It is not a general AI application stack, a public SaaS control plane, or an unrestricted agent launcher. The v0 slice implements the containment substrate — an internal agent network, controlled DNS, a Squid egress proxy, and acceptance tests — plus a bring-your-own-agent profile (scripts/agent) that runs any agent image on your project behind those controls.

Default Posture

  • No public ports.
  • No direct internet from agent/test containers.
  • No Docker socket mounts.
  • No host home-directory mounts.
  • No privileged containers.
  • No real secrets in Git.
  • Agent/test containers attach only to the agents network.
  • The agents network is internal: true; this is the primary default-deny boundary.
  • Squid is the only sanctioned outbound path.
  • Proxy environment variables help cooperating tools, but they are not the security boundary.
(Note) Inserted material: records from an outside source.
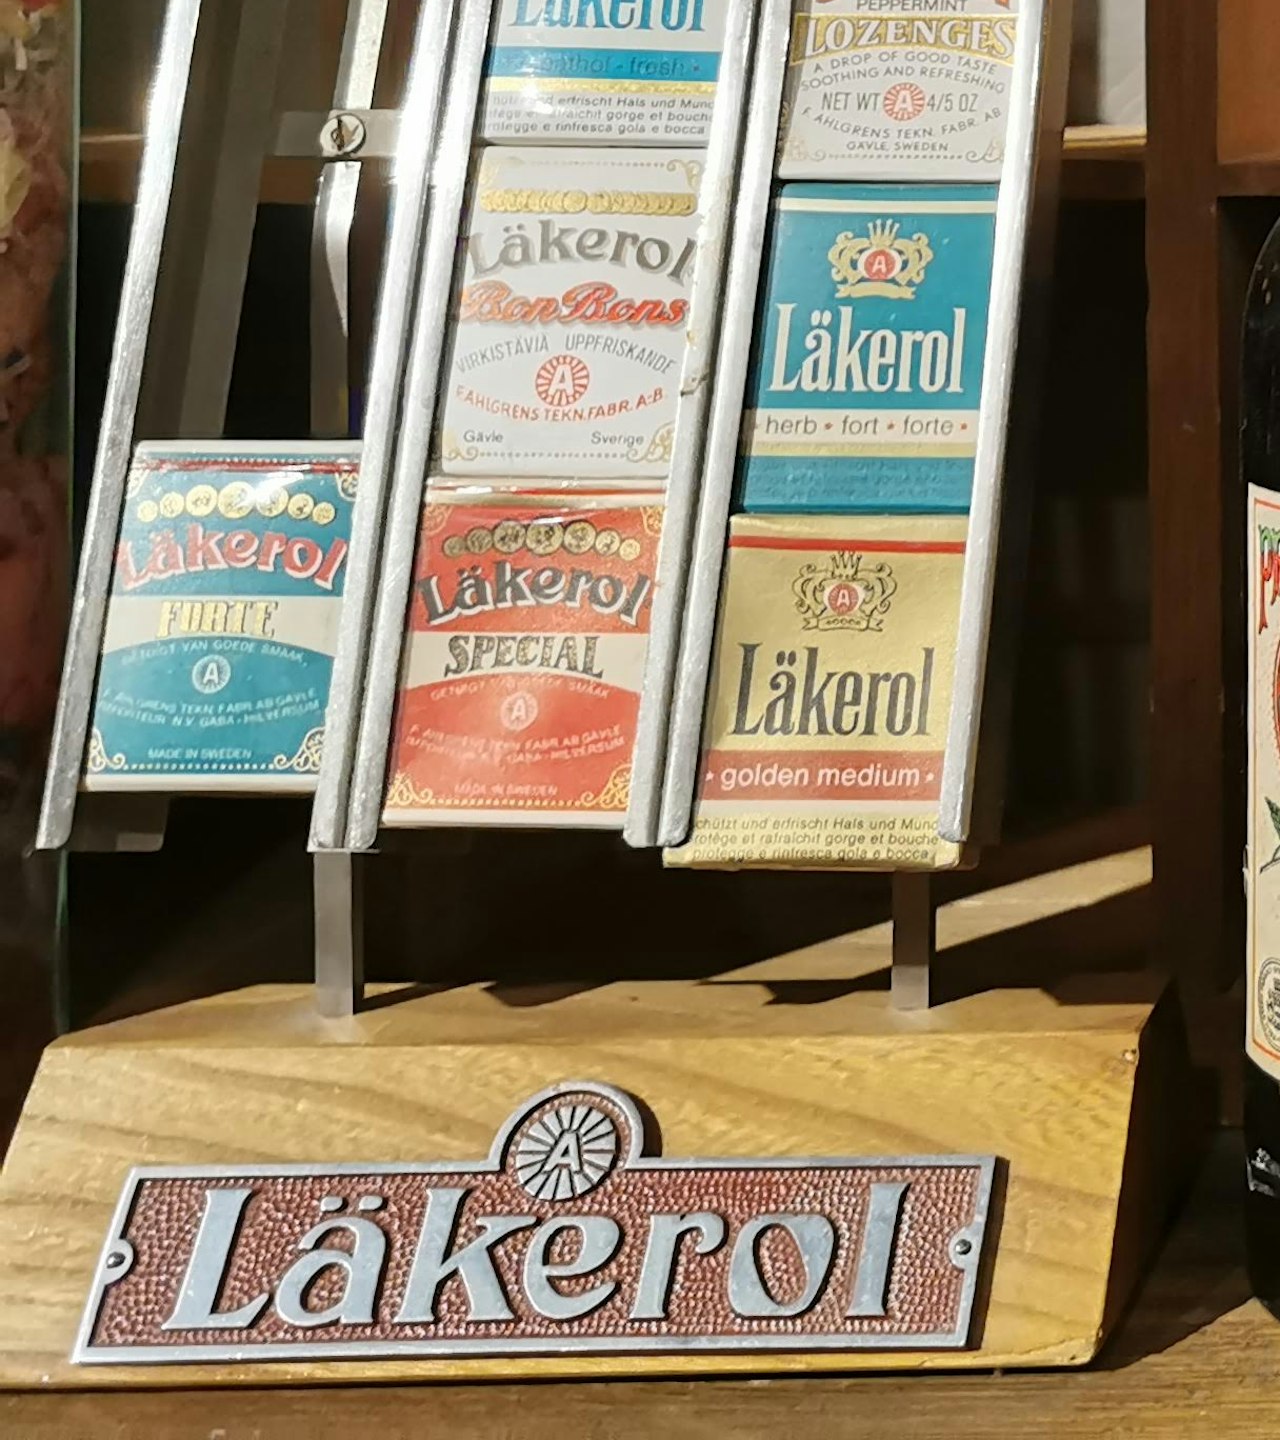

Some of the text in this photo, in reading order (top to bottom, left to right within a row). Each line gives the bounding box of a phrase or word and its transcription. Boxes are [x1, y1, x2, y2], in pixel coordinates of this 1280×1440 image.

[805, 18, 1017, 58] LOZENGES
[813, 51, 998, 76] A DROP OF GOOD TASTE
[801, 66, 1005, 94] SOOTHING AND REFRESHING
[651, 98, 676, 109] und
[822, 92, 881, 111] NET WT
[927, 93, 979, 112] 4/5 OZ
[814, 114, 890, 139] AHLGRENS
[984, 107, 1001, 122] AB
[894, 141, 949, 152] SWEDEN
[468, 219, 698, 286] Läkerol
[871, 255, 886, 273] A
[565, 333, 676, 375] UPPFRISKANDE
[767, 303, 966, 393] Läkerol
[463, 428, 644, 446] Gävle Sverige
[765, 414, 954, 435] herb fort forte
[115, 523, 349, 591] Läkerol
[418, 561, 651, 627] Läkerol
[156, 600, 278, 640] FORTE
[444, 635, 604, 679] SPECIAL
[202, 662, 220, 684] A
[728, 643, 935, 737] Läkerol
[200, 747, 253, 760] SWEDEN
[721, 764, 920, 791] golden medium
[833, 816, 864, 831] Hals
[869, 817, 896, 831] und
[825, 834, 866, 847] gorge
[871, 833, 885, 845] et
[888, 832, 938, 846] bouche
[161, 1181, 909, 1332] Läkerol
This is practical Docker containment, not VM-grade isolation. Containers still share the host kernel. A container-runtime or kernel escape is outside the guarantees of this v0 lab.

Quick Start

cp .env.example .env.local
./scripts/doctor
./scripts/up core
./scripts/up egress
./scripts/egress-test

Stop the stack:

./scripts/down

./scripts/down --volumes also removes named volumes, including the audit log volume.

Bring Your Own Agent

scripts/agent runs any agent image against your project, secure-by-default: read-only rootfs, attached only to the internal agents network, no Docker socket, no host home mount, all capabilities dropped, and deny-by-default egress.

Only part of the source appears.